Michael Ennis

T.R. Fehrenbach Is History

His classic book Lone Star has reigned supreme for nearly forty years, but two new challengers are hoping to ascend the throne.

(Page 2 of 2)

Haley doesn’t devote significantly more words to the twentieth century than does the updated Lone Star, but the march to modernity represents a considerably greater fraction of his trimmed-down 560 pages—and his heart is clearly in it. Almost without precedent in a Texas history, Haley evocatively weaves culture into the tales of political shenanigans and oil booms, sketching out figures as disparate as expatriate author Katherine Anne Porter, actor “Fatty” Arbuckle, and counterculture icon Janis Joplin. He can be as unsparing of our collective failures as he is of individual foibles, as in this analysis of immediate post—World War II affairs: “The ferocity with which the Texas establishment fought to maintain mastery of the economy and the political landscape seemed continually tied, either directly or tenuously, to race. Even when not debated openly, it was the elephant in the parlor of every political discussion.” In the end, however, Haley is careful to distance himself from the “political correctness” of many revisionists, and the critical defect of Passionate Nation may turn out be its biggest selling point with its intended audience: It undermines the Texas myth more by subtle nudges than direct challenge.

That’s not the case with Campbell, the driest stylist of the bunch but without peer at lucidly presenting real history in the harsh light of inescapable facts. A professor at the University of North Texas, in Denton, and a heavyweight among academic historians, Campbell is distinguished by having personally done a lot of the groundbreaking scholarly spadework on which Gone to Texas is based.

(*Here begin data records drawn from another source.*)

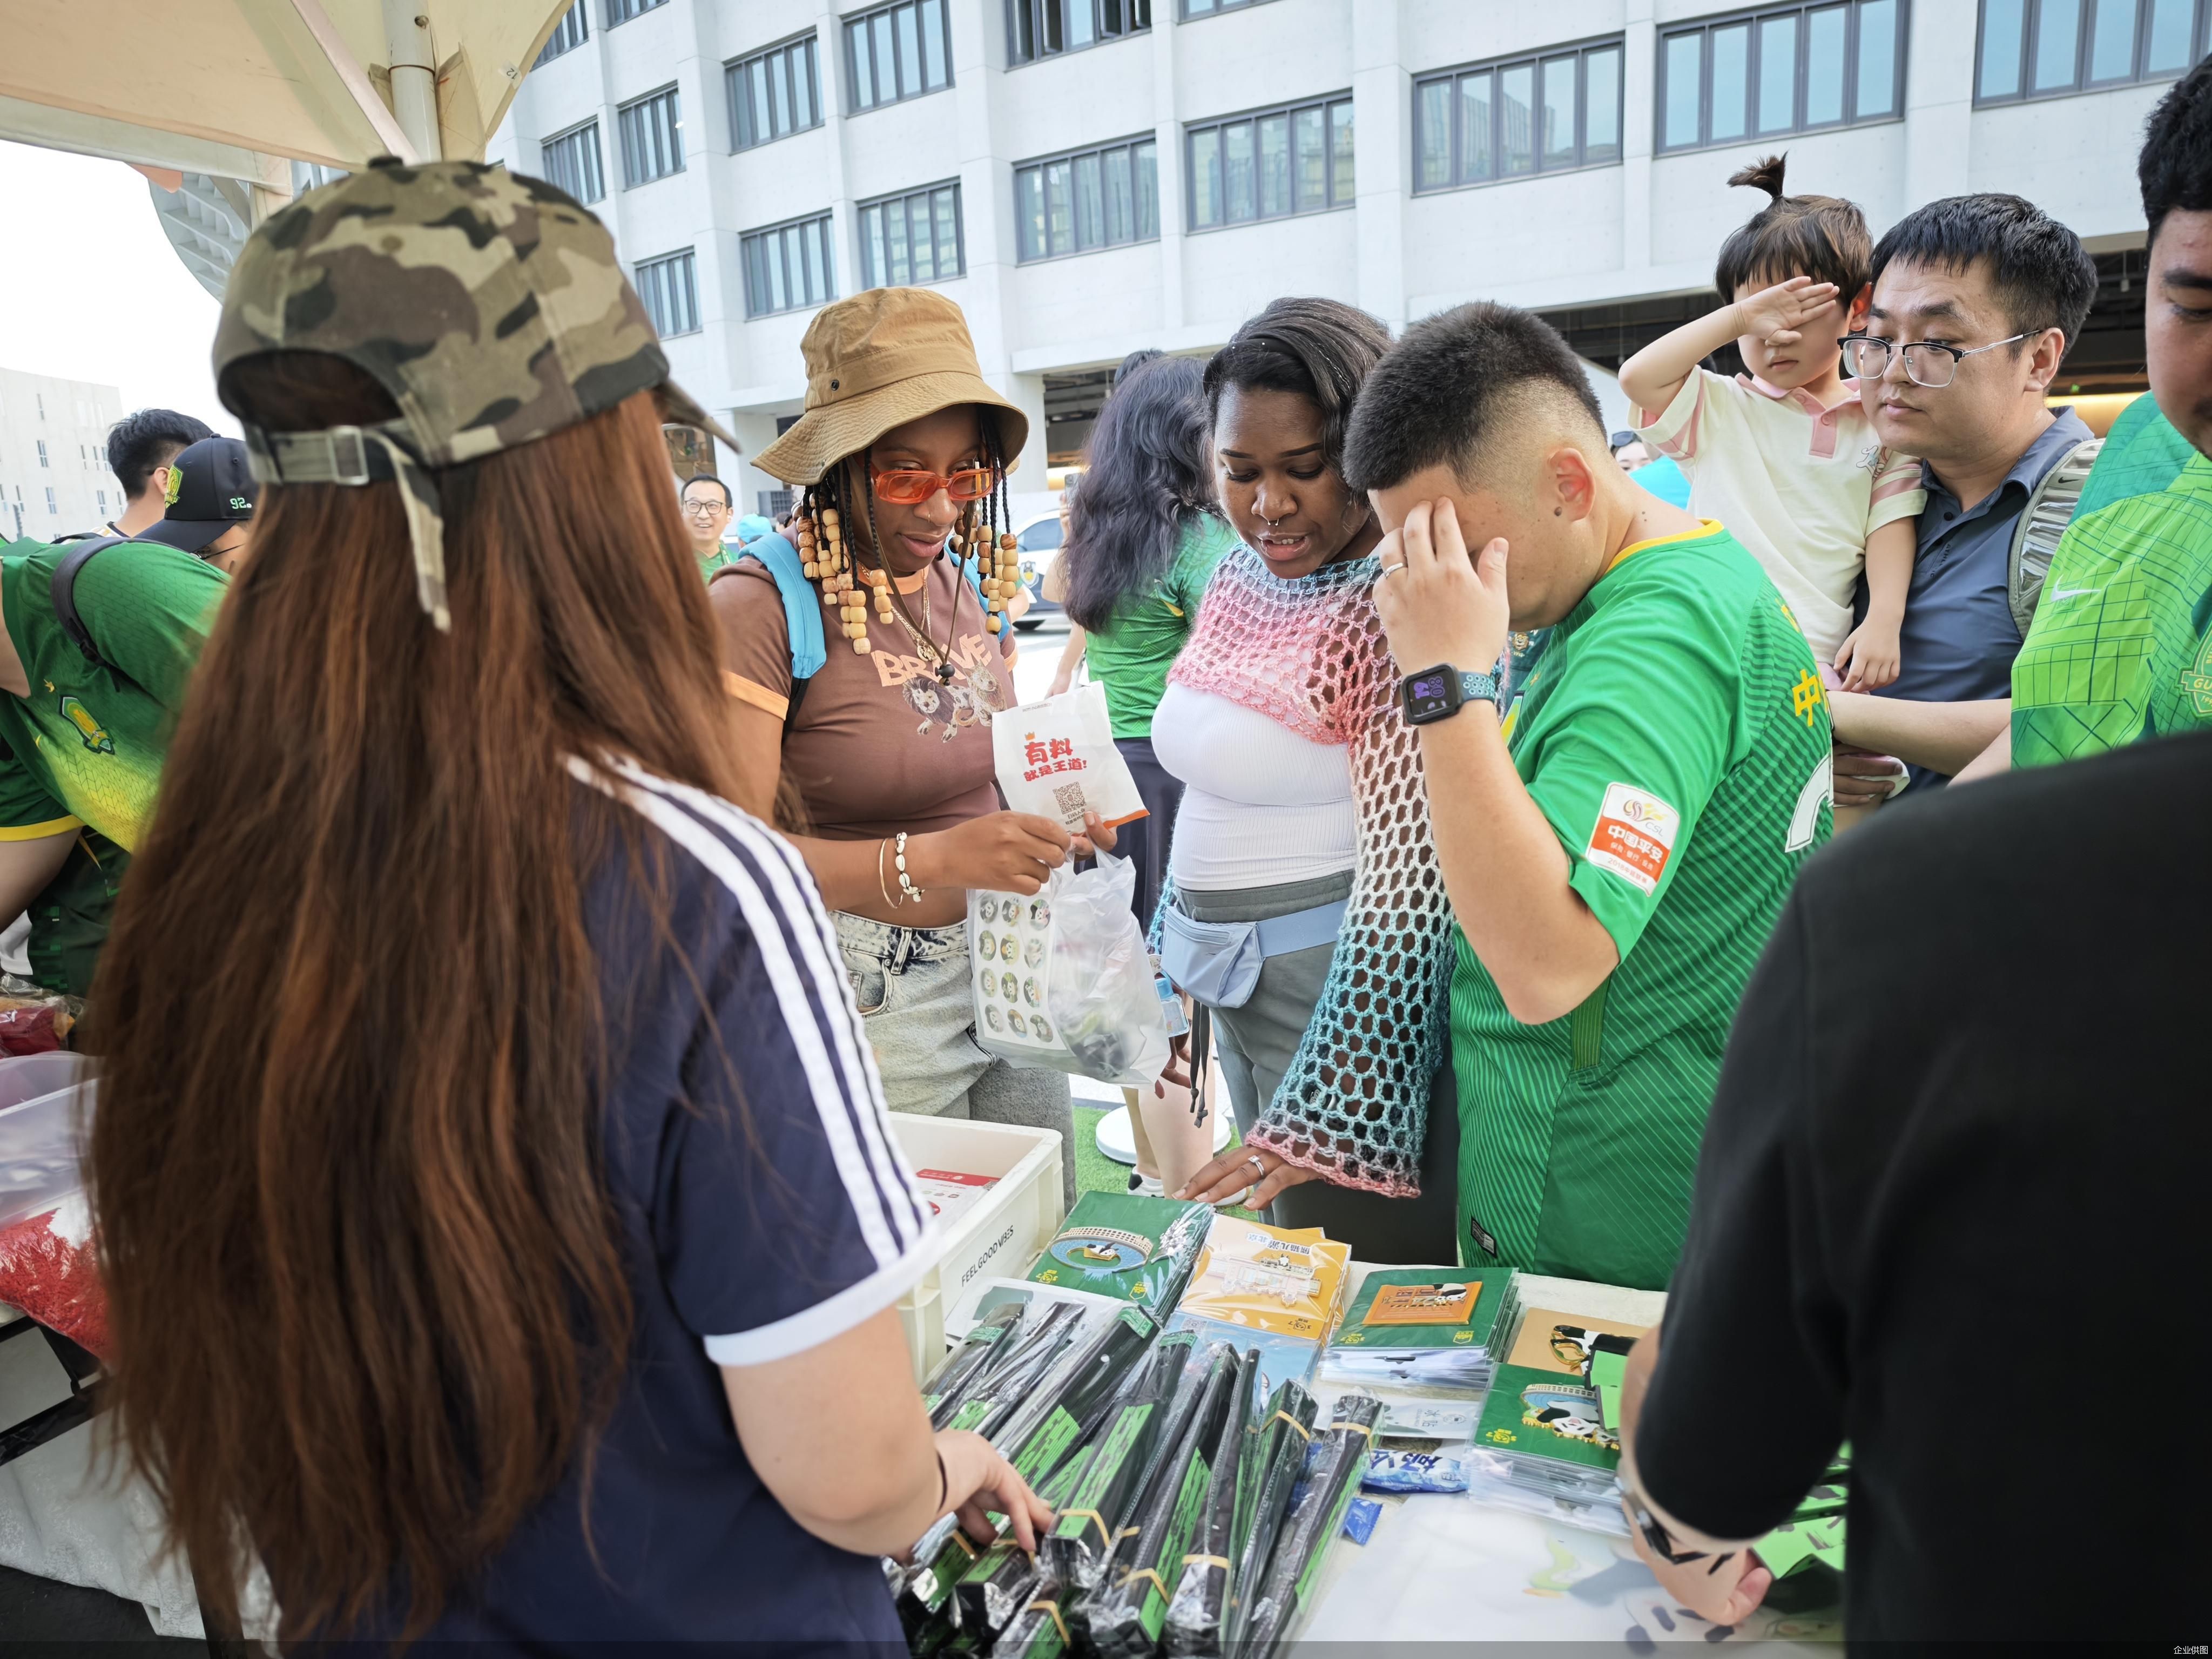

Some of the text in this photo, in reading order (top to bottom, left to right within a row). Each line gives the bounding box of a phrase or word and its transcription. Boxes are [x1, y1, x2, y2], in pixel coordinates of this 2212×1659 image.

[1930, 543, 1951, 577] ATHLIC
[1024, 737, 1073, 766] 有料
[1023, 758, 1087, 781] 就是王道!
[1607, 825, 1663, 864] 中国平安
[1645, 821, 1663, 837] CSL
[962, 1225, 1014, 1287] FEEL GOOD VIBES

Campbell hits the twentieth century less than three quarters of the way through his 471-page text, and his chronicle of the economic and political changes that dramatically transformed Texas into the place we live in today is the most thorough of the trio. But Campbell is also the preeminent authority on antebellum and Reconstruction-era Texas, and those epochs are the foundation of his reconstructed Texas narrative. While he flatly dismisses the notion that the Texas Revolution was a Southern conspiracy to expand slavery, Campbell convincingly establishes the centrality of the peculiar institution to a fledgling state that had made itself, by the eve of the Civil War, the “Empire State of the South.” By 1860 cotton dominated Texas’s economy and political life, and slaves composed 30 percent of the state’s population. But only Campbell offers a peek into the lives of human chattel who were worked, in the words of one, “from can see to can’t see.” Fehrenbach, who never quite comes to grips with why, in his words, “human slavery was firmly embedded across one of the most egalitarian areas of earth,” frequently complains that Northerners were no more morally scrupulous on the issue than Southern Anglo-Celts. However, as Campbell notes, at least one large group of antebellum Texans, despite being denied access to formal education, could see all too well that slavery diminished the moral capital of those who profited from it. “I reckon that old Tim,” said one slave whom Campbell cites, speaking of her master, “wasn’t no worse than other white folks that owned slaves.”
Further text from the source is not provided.